* _Activity_
Taking the entries below, transcribe only the lines starting with the one with "Some of the text" and going on through the one with "this 1071×1600 image.", exactly as written, without the pictures.
· · · ·
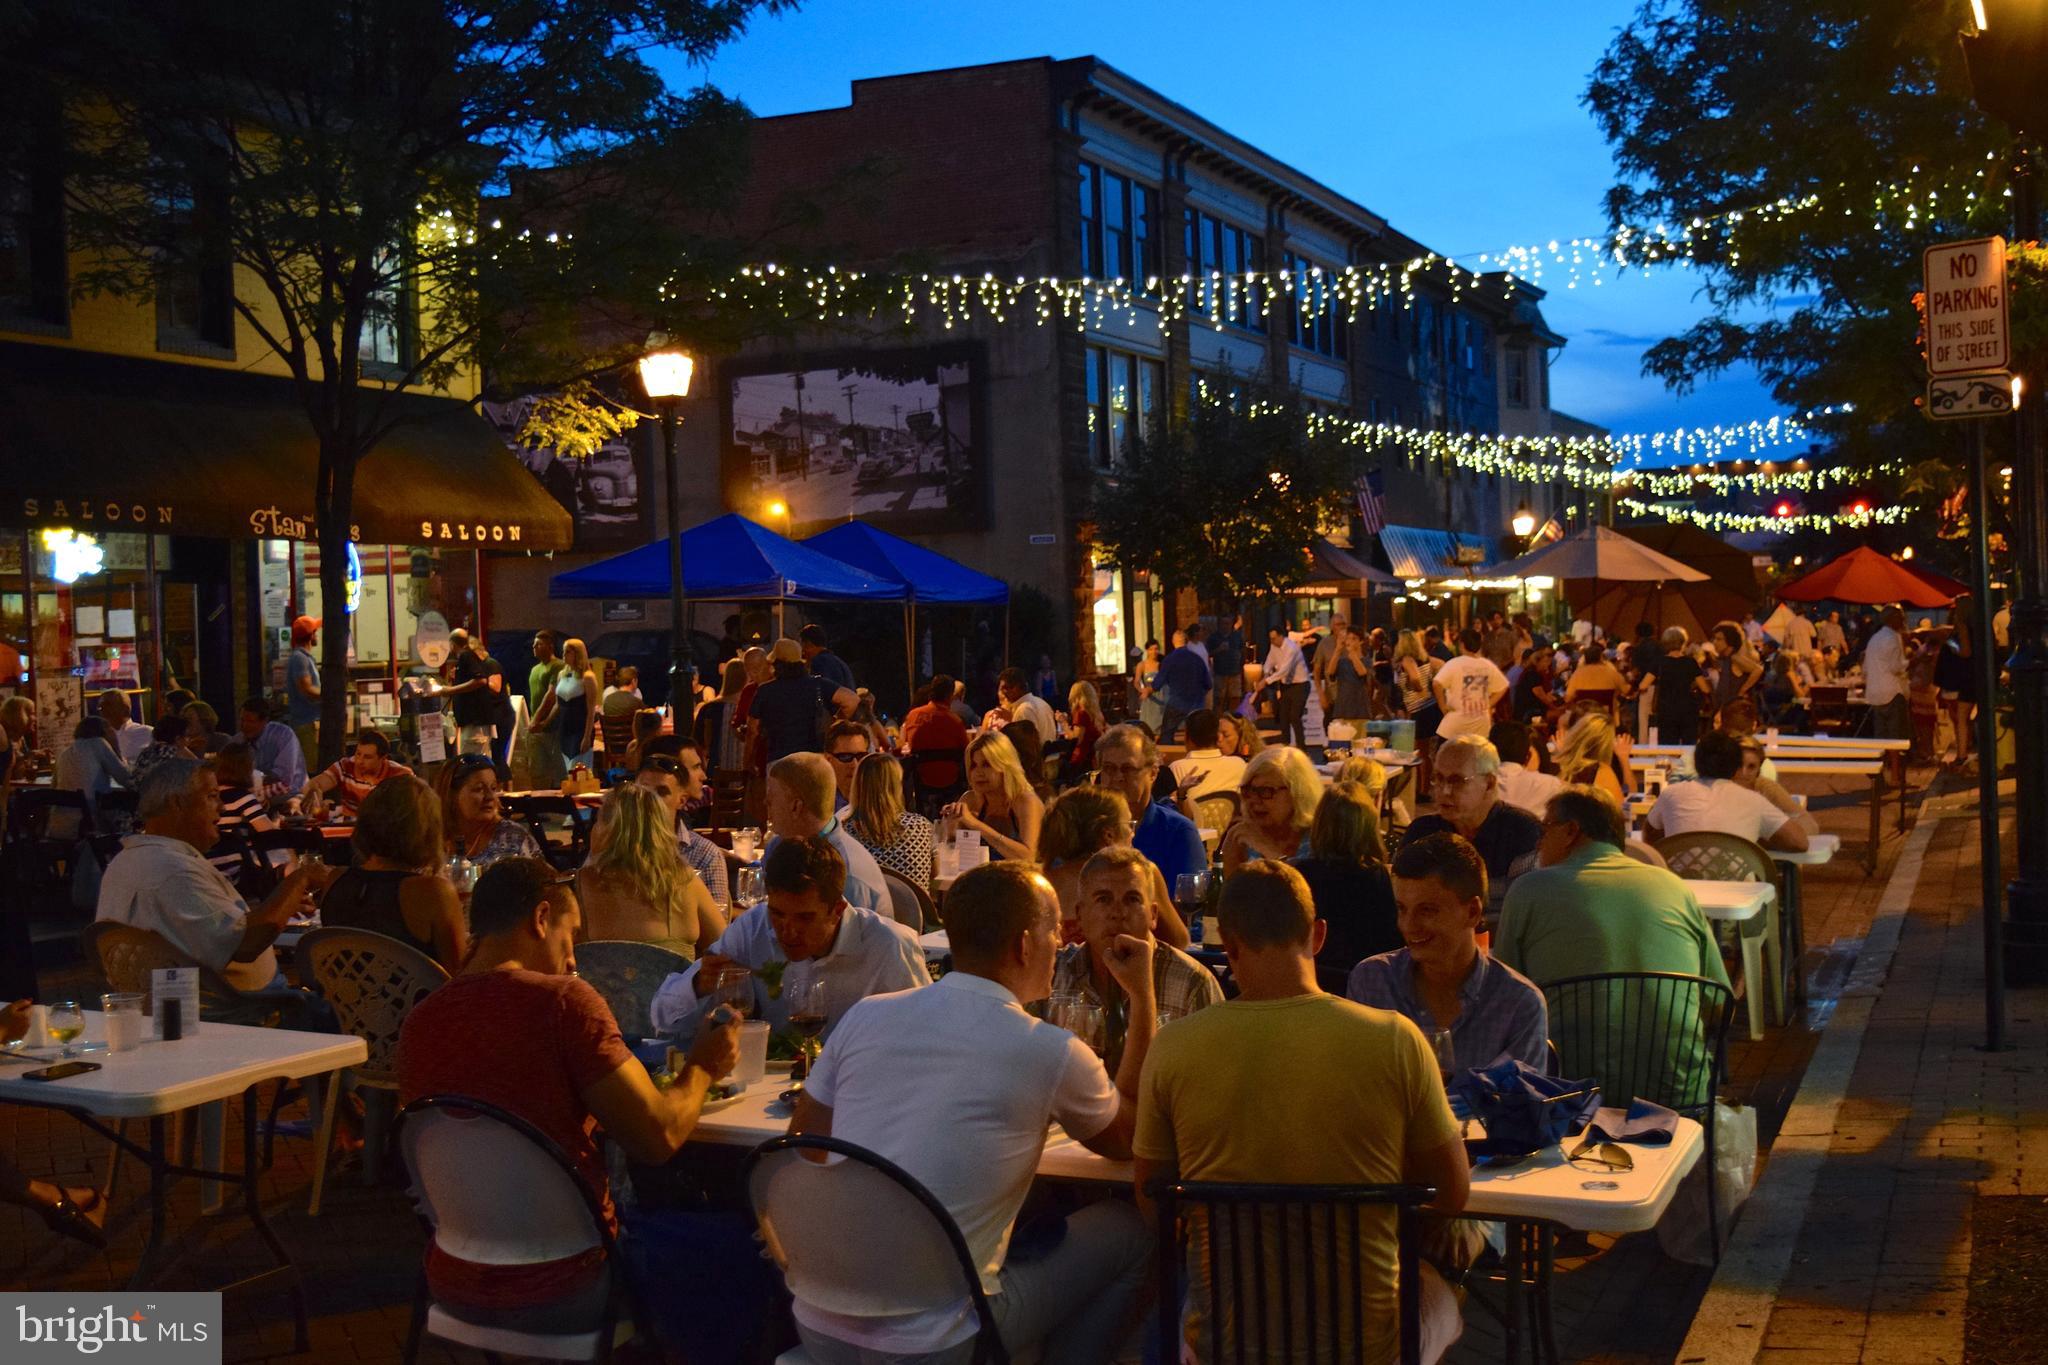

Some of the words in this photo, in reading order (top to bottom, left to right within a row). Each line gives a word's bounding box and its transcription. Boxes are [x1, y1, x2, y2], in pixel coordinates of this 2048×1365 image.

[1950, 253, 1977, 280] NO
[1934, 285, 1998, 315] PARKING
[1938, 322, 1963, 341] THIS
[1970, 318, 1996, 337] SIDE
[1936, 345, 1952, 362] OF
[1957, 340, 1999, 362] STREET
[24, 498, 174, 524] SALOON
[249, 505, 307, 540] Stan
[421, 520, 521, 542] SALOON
· · · ·
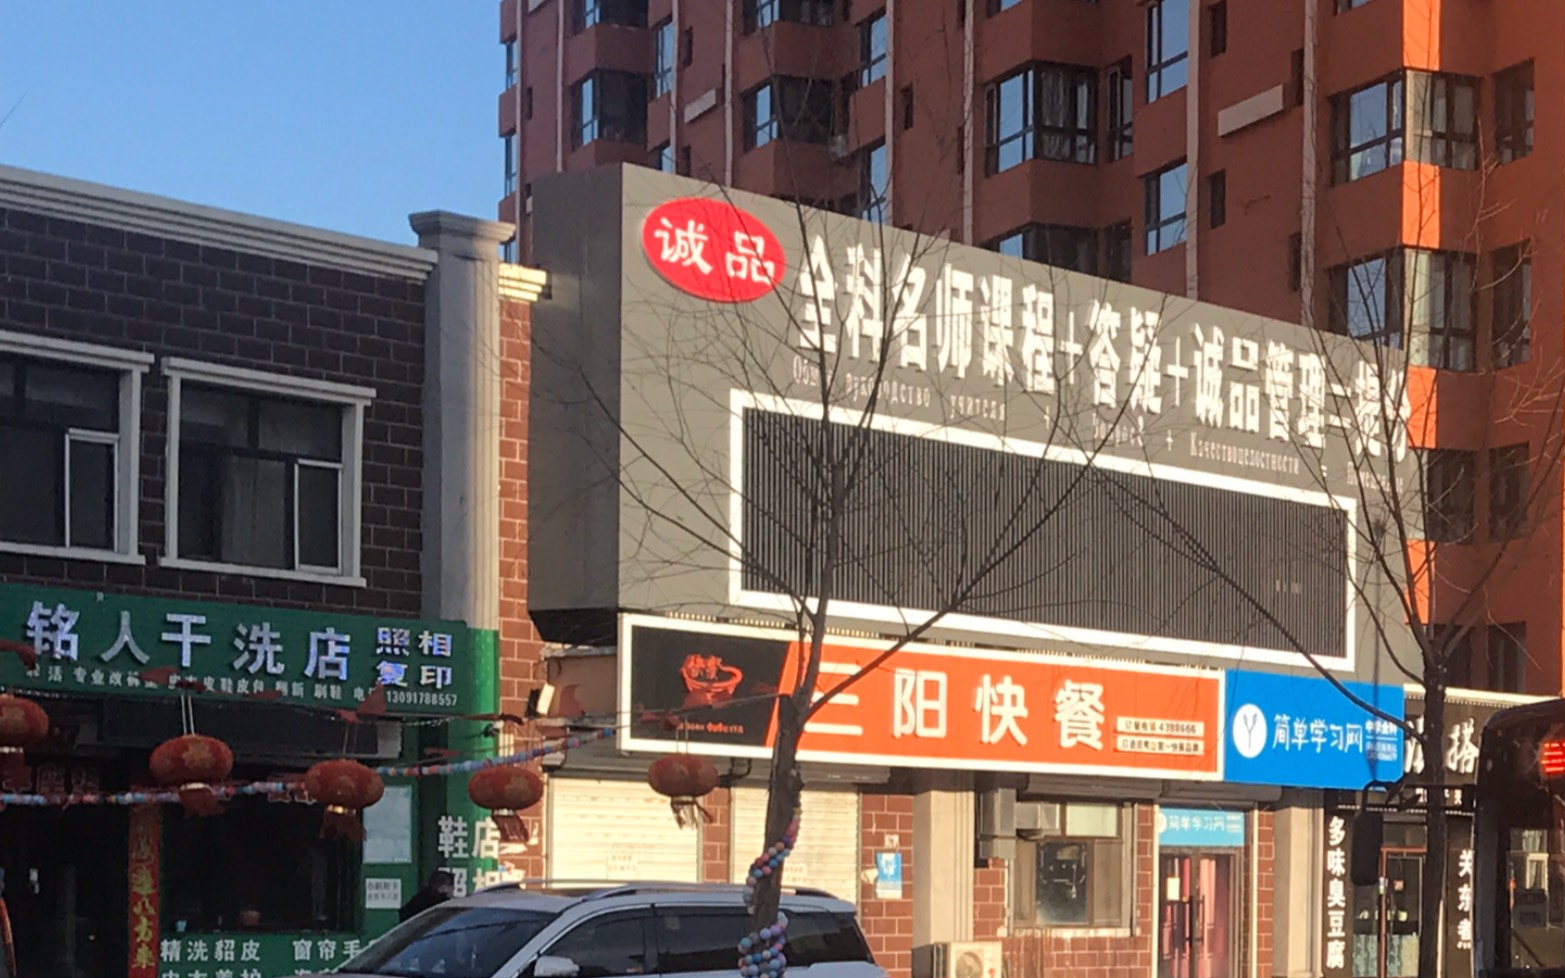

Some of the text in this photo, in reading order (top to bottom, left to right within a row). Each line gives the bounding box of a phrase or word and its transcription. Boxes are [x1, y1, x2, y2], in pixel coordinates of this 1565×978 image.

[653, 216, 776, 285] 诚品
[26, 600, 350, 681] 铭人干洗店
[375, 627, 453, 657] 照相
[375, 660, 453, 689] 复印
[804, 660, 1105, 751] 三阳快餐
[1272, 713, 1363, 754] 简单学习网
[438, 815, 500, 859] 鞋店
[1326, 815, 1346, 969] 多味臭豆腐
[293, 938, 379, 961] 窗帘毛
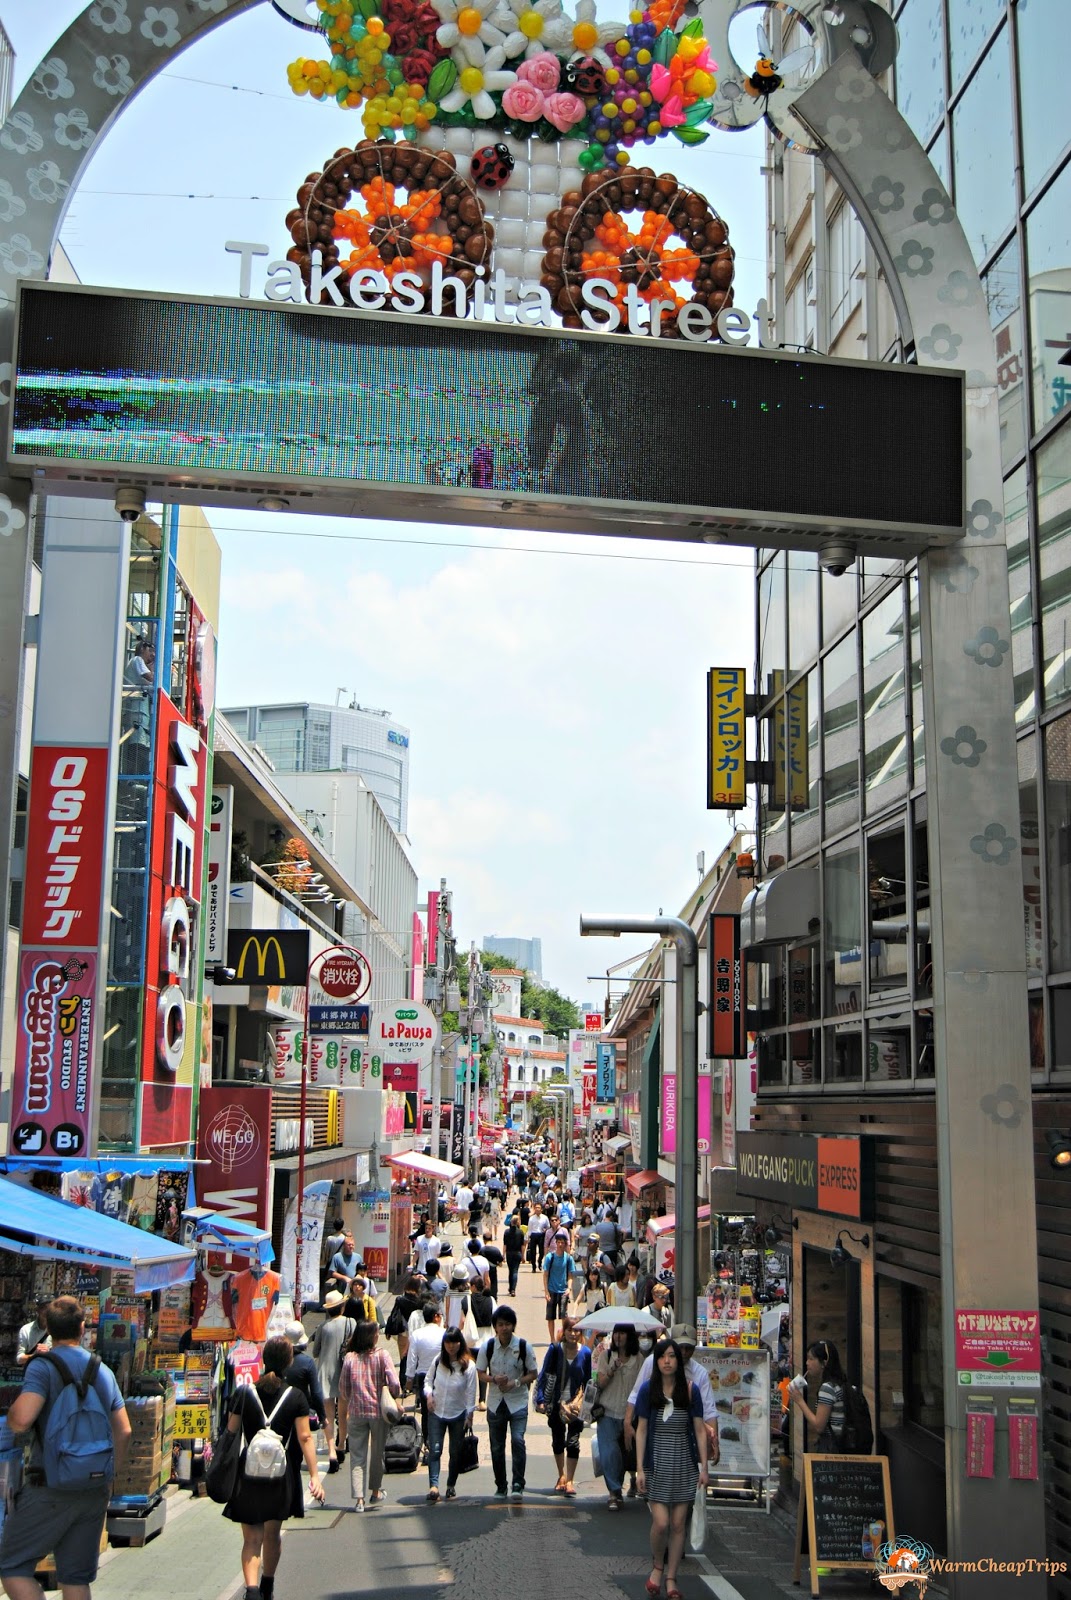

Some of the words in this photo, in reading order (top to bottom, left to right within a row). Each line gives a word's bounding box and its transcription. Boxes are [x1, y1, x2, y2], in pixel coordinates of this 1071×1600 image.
· · · ·
* _Solution for this problem_
Some of the text in this photo, in reading order (top to bottom, left to right within a row). Each line gives the bounding box of a phrase or word and its transcription. Boxes are [x1, y1, x2, y2], in pixel coordinates of this 1565×978 image.

[653, 216, 776, 285] 诚品
[26, 600, 350, 681] 铭人干洗店
[375, 627, 453, 657] 照相
[375, 660, 453, 689] 复印
[804, 660, 1105, 751] 三阳快餐
[1272, 713, 1363, 754] 简单学习网
[438, 815, 500, 859] 鞋店
[1326, 815, 1346, 969] 多味臭豆腐
[293, 938, 379, 961] 窗帘毛

Some of the words in this photo, in reading order (top to bottom, left to right within a row). Each line gives a word's bounding box and its transcription. Boxes are [x1, y1, x2, y2], in pixel coordinates of this 1071×1600 image.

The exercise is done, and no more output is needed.